Die Blasenbildung, ein Schadensbild mit hoher Komplexität, soll anhand einer exemplarischen Öl-Elastomer-Paarung unter verschiedenen Betriebsbedingungen untersucht werden. Neben der Auswirkung von Linienlast, Umfangsgeschwindigkeit und Sumpftemperatur soll die Auswirkung der Versuchszeit, der Verlustleistung und des Reibwerts auf die Schadensbilder betrachtet werden. Eine definierte Verlustleistung bzw. ein definierter Reibwert kann am RWDR-Tribometer durch die Regelung eines oder mehrerer Betriebsparameter/-s eingestellt werden.
Durch die systematische Untersuchung der Einflüsse der Betriebsparameter werden Größenbereiche dieser Parameter ermittelt, die bei den untersuchten Öl-Elastomer-Paarungen zu den in der Praxis auftretenden Schäden führen. Anhand gewonnener Erkenntnisse soll eine effiziente Versuchsvorschrift für allgemeine Öl-Elastomer-Paarungen abgeleitet werden. Ferner sollen grundsätzliche Erkenntnisse hinsichtlich der Entstehung und dem Grad der Schädigung aufgezeigt werden.
Da die Problematik des Zusammenwirkens von Öl und Elastomer beim RWDR-Einsatz weit verbreitet und branchenübergreifend von Bedeutung ist, gibt es für das RWDR-Tribometer ein sehr weites Anwendungsfeld. Die systematische Untersuchung am RWDR-Tribometer anhand standardisierter Prüfkörper führt direkt zur Reduktion von RWDR-Versuchen und steigert dadurch die Wettbewerbsfähigkeit der KMU.

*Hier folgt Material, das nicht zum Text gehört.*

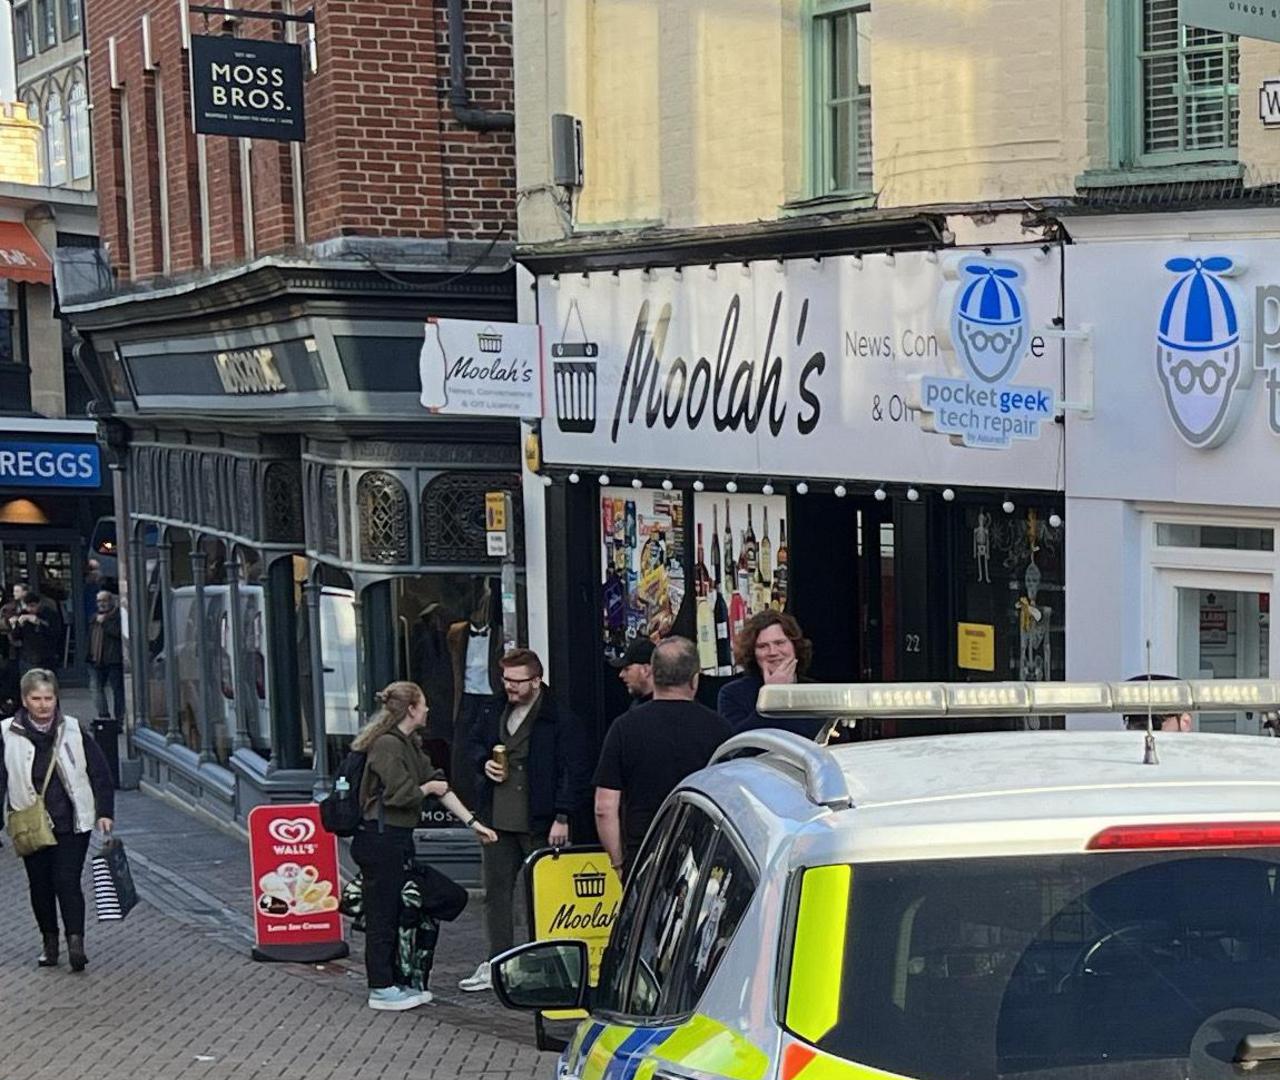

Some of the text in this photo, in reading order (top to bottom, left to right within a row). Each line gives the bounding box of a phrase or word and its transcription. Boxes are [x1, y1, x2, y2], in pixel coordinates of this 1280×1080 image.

Im Rahmen des Forschungsprojekts wurden mögliche Einflüsse auf die Entstehung von Schädigungen in der Dichtzone eines RWDR aufgezeigt. Neben der Bildung von Rissen und Ölkohle stand die Blasenbildung im Fokus der Untersuchungen. Es konnte zwischen unterschiedlichen Ausprägungen von Blasen unterschieden und deren Abhängigkeit von Betriebsparametern dargestellt werden. Die erwartete Komplexität der Schädigung in Form von Blasen hat sich bestätigt. Es wurde deutlich, dass auch im dynamischen Versuch nicht allein die Temperatur für die Blasenbildung maßgeblich ist. Ein Zusammenspiel aus mehreren Versuchsgrößen, bei denen die Scherrate, die Temperatur und die radiale Belastung besonders relevant scheinen, führt zu einer Situation in der Dichtzone, die Blasenbildung begünstigt oder diese vermeidet. Dabei entscheiden nicht allein die maximalen Werte von Sumpftemperatur und Umfangsgeschwindigkeit über die Entstehung von Blasen. Für Voruntersuchungen von Öl-Elastomer-Paarungen ergibt sich dadurch die Empfehlung, den gesamten Parameterbereich der Anwendung zu überprüfen, wenn die Neigung zu Schädigungen ermittelt werden soll. Ausgehend von den Versuchsergebnissen wurde außerdem ein denkbares Szenario zur Blasenentstehung erläutert.
Bei der Rissbildung wurde eine klare Abhängigkeit von Sumpftemperatur und Verlustleistung gezeigt. Die stärkste Rissbildung trat somit bei hohen Temperaturen in der Dichtzone auf, unabhängig davon, wie die Verlustleistung entstanden ist. Für die Bewertung dieses Schadensbild gilt somit genau wie bei der Ölkohle, dass die Bereiche maximaler Belastung (als Kombination aus Sumpftemperatur, Umfangsgeschwindigkeit und Linienlast) getestet werden sollten.